The Penitents kept him in an ambulacrum where they’d cleared a space of hanged Redeemers and where he was out of everyone’s line of sight. Within a few minutes they brought him a boy that one of the New Model Army had found hiding in a box.
‘He means a confessional, sir,’ said a Penitent.
‘What are you?’ asked Cale.
‘An acolyte, sir.’
‘So was I. You’re all right, don’t worry. No one’s going to hurt you. What happened here?’
It was understandably garbled stuff but simple enough. Bosco had addressed five hundred of his closest followers and announced that, because of Thomas Cale’s treachery, he had decided to remove the faithful from the earth and never to think of mankind again.

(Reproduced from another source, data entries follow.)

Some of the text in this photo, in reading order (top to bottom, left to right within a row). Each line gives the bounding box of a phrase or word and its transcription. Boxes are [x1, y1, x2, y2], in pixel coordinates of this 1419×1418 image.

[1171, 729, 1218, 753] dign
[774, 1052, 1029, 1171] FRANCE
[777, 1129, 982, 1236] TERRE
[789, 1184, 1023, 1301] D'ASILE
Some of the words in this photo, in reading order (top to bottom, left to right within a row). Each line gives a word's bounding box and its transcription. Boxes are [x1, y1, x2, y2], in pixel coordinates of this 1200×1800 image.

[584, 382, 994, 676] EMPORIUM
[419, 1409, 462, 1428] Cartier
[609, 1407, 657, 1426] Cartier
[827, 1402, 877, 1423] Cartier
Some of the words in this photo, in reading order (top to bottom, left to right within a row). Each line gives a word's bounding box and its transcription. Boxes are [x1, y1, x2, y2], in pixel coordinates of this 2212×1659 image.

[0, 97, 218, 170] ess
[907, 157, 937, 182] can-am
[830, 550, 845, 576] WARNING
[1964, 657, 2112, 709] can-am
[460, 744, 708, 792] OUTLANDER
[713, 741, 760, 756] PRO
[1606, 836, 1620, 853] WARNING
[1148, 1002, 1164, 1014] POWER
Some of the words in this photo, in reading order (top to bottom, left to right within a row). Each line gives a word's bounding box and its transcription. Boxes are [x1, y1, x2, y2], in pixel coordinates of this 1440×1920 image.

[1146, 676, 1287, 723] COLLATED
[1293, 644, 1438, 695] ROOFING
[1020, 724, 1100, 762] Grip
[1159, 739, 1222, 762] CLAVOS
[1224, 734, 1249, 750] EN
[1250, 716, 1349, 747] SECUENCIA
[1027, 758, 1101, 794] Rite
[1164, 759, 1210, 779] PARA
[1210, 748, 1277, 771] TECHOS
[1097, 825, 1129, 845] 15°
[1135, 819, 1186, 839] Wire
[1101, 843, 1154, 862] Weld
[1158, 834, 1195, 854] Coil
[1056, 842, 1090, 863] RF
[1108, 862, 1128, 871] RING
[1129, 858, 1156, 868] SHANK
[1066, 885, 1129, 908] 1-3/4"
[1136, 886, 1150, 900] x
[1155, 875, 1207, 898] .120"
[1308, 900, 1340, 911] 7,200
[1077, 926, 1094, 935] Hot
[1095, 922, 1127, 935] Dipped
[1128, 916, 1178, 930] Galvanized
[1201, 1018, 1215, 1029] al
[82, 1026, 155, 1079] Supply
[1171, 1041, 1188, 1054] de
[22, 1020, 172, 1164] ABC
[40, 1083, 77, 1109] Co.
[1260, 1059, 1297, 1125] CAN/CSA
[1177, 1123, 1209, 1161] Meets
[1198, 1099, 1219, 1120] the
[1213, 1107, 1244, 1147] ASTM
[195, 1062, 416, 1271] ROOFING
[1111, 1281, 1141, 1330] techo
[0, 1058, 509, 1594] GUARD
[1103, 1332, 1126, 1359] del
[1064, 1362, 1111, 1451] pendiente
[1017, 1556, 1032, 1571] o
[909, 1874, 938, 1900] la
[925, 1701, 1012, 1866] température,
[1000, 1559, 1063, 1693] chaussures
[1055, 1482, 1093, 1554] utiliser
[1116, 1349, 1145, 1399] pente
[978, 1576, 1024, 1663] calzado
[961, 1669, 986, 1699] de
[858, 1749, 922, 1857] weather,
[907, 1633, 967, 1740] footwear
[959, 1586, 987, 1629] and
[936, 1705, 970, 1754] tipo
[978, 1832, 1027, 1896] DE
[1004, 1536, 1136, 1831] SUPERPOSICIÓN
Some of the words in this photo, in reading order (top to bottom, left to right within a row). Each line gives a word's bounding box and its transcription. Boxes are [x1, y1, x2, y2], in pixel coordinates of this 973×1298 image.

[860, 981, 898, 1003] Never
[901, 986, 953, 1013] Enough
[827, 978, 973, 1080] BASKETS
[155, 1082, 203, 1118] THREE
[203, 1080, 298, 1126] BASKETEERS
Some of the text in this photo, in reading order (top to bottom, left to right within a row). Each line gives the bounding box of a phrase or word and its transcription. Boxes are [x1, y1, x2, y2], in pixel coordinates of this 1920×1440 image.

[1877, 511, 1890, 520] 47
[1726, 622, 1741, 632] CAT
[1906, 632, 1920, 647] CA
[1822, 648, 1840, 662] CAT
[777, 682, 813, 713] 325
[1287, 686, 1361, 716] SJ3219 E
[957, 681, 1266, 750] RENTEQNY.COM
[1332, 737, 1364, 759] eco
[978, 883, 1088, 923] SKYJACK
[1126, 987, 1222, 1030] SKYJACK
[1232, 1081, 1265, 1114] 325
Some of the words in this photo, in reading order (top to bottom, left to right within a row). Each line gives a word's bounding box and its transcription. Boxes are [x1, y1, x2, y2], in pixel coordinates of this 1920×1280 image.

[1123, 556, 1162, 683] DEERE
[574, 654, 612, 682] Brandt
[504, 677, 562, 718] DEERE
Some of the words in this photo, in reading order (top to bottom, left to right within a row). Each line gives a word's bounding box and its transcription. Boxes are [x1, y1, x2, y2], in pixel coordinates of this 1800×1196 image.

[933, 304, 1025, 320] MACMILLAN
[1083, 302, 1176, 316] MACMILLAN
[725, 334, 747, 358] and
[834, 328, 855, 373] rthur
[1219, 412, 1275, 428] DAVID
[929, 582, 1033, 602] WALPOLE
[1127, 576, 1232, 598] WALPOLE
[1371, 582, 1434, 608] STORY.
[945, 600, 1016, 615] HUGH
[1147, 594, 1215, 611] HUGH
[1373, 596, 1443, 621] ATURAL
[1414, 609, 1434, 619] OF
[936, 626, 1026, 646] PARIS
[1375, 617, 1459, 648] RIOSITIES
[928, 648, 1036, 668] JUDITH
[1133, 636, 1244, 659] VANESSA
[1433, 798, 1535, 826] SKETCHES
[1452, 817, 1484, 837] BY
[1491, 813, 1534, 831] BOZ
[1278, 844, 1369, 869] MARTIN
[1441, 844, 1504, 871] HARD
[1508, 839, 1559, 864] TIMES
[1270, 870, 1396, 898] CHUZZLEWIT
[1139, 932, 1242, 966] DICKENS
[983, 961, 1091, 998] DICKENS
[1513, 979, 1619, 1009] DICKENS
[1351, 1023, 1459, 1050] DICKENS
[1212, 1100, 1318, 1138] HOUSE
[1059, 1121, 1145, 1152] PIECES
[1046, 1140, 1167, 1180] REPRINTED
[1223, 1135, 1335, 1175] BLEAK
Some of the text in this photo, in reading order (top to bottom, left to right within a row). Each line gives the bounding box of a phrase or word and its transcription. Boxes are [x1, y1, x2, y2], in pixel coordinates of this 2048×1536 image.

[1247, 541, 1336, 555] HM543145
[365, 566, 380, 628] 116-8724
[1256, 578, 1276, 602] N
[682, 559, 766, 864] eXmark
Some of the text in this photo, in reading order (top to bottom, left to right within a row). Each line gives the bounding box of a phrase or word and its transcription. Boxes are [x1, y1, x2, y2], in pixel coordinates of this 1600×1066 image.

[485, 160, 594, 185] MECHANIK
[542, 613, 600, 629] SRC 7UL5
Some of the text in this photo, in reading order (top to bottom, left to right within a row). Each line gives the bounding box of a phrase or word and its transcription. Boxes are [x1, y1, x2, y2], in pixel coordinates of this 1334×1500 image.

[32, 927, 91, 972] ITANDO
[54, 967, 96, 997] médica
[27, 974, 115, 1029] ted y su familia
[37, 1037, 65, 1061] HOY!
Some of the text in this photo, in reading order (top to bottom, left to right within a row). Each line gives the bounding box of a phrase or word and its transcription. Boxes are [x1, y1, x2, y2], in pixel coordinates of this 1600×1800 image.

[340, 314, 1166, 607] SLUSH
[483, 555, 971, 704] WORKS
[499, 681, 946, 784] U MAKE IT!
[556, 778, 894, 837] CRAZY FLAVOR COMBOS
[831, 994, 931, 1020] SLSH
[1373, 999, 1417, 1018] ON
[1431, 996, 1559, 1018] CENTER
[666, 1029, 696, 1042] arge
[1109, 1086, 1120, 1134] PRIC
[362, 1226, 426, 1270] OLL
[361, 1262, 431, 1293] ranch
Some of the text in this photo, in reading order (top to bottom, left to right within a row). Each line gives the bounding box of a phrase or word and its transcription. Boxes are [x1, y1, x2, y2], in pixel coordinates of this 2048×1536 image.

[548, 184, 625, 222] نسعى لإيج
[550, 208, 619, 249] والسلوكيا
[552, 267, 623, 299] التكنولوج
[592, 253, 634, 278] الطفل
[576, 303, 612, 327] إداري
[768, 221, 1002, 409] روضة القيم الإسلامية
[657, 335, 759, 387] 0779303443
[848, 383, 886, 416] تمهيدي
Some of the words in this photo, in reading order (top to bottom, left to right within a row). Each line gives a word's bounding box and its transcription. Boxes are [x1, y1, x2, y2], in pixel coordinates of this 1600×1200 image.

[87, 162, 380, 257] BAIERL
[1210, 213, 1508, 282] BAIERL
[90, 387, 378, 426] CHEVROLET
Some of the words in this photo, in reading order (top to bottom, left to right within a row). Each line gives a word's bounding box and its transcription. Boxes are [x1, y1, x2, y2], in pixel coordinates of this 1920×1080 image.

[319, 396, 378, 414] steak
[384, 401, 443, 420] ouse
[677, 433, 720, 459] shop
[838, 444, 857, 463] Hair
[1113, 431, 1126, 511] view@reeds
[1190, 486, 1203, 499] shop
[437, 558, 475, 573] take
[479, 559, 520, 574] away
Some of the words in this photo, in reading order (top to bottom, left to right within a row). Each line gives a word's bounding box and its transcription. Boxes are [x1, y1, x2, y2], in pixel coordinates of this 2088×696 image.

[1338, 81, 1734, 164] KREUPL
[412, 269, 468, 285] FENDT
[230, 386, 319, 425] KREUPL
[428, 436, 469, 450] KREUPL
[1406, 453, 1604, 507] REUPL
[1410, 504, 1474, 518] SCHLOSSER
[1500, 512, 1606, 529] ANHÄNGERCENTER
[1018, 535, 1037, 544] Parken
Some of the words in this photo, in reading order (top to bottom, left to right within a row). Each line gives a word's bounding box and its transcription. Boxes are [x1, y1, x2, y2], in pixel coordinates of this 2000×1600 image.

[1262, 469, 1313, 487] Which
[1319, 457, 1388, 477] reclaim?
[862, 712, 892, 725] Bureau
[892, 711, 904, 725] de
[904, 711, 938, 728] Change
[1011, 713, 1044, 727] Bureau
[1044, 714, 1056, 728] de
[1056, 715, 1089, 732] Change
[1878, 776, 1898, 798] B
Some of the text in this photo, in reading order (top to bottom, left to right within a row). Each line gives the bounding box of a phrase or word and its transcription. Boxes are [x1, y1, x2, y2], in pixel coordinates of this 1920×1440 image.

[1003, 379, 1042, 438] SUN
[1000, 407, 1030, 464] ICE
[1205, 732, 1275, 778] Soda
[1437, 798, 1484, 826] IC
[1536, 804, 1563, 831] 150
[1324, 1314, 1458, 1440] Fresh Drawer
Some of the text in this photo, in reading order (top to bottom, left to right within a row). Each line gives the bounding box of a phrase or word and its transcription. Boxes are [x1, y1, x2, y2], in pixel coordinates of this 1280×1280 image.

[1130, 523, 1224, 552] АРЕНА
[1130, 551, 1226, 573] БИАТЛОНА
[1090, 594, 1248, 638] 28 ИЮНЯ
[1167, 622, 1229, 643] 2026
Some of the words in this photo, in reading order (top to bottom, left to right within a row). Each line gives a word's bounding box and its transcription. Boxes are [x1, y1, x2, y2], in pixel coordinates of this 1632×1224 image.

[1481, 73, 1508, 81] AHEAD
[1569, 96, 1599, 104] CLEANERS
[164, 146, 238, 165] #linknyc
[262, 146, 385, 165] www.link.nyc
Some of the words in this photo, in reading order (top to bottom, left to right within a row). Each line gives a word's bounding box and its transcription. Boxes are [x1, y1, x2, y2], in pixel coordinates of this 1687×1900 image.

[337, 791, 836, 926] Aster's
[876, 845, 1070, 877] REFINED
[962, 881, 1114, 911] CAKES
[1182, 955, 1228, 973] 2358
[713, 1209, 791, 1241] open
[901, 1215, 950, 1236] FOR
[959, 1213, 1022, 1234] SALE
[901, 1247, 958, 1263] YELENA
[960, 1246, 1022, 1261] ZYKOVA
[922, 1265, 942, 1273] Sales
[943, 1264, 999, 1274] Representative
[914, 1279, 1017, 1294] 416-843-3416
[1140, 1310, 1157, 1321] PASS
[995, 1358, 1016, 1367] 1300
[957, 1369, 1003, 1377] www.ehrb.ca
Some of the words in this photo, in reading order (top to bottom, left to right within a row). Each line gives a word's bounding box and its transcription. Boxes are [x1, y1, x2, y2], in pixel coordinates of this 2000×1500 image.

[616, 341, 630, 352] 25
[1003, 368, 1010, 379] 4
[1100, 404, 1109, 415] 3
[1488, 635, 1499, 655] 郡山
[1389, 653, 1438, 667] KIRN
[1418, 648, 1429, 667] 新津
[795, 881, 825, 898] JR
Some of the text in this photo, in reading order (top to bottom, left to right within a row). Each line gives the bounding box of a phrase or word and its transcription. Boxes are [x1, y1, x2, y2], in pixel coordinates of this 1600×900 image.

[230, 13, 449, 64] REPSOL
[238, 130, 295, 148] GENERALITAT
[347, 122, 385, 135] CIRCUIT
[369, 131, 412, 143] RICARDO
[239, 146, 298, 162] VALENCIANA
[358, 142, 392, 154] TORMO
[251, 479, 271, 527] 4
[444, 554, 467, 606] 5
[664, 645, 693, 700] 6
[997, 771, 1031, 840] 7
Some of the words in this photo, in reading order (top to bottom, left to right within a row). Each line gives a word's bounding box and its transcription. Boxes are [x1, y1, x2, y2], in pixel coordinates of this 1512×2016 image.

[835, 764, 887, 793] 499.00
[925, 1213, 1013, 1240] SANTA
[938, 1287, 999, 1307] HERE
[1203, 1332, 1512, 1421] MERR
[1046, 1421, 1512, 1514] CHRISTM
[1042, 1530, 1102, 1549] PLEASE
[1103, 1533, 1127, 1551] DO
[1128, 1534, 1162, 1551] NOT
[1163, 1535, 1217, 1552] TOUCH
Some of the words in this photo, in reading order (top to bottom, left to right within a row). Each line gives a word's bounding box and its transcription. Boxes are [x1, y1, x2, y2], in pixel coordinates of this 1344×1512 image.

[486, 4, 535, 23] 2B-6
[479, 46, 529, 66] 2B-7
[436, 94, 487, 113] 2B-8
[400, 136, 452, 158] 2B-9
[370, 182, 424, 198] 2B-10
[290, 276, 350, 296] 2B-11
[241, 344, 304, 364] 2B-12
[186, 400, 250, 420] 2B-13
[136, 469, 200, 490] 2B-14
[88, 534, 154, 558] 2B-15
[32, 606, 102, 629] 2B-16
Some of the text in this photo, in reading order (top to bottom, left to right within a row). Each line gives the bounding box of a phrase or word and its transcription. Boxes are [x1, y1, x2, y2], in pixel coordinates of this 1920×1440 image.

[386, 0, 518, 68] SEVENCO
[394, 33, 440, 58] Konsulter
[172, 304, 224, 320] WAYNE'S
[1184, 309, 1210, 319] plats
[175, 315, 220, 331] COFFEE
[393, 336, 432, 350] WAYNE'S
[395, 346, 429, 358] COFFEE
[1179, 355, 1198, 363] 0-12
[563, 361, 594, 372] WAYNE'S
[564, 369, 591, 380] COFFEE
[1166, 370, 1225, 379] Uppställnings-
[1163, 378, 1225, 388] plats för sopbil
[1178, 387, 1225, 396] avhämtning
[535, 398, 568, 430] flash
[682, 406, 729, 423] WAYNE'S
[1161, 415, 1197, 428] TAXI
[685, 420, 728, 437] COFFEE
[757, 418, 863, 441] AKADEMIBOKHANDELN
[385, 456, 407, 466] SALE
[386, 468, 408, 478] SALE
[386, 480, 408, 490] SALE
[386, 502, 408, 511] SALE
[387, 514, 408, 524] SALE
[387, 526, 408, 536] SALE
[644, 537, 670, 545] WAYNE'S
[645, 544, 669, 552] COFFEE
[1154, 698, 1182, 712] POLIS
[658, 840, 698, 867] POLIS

As a reward for their fidelity they were to be permitted to join God in eternal bliss by the same means as the Redeemer himself.
‘All of them went along with this?’
‘Not all, sir. But the Pope created a group of counsellors to assist all those who needed spiritual support.’
‘But not you.’
‘I was afraid.’
‘You’ll be safe now.’ Cale turned to one of the staff sergeants of the New Model Army. ‘Get him away from here. Get him some new clothes and get my cook to feed him. Make sure he’s safe. Why, for God’s sake, isn’t there any news about Henri?’ He sent two more of his Penitents. Five minutes later, when he had decided to go himself, dangerous as it was, Fanshawe turned up looking uneasy.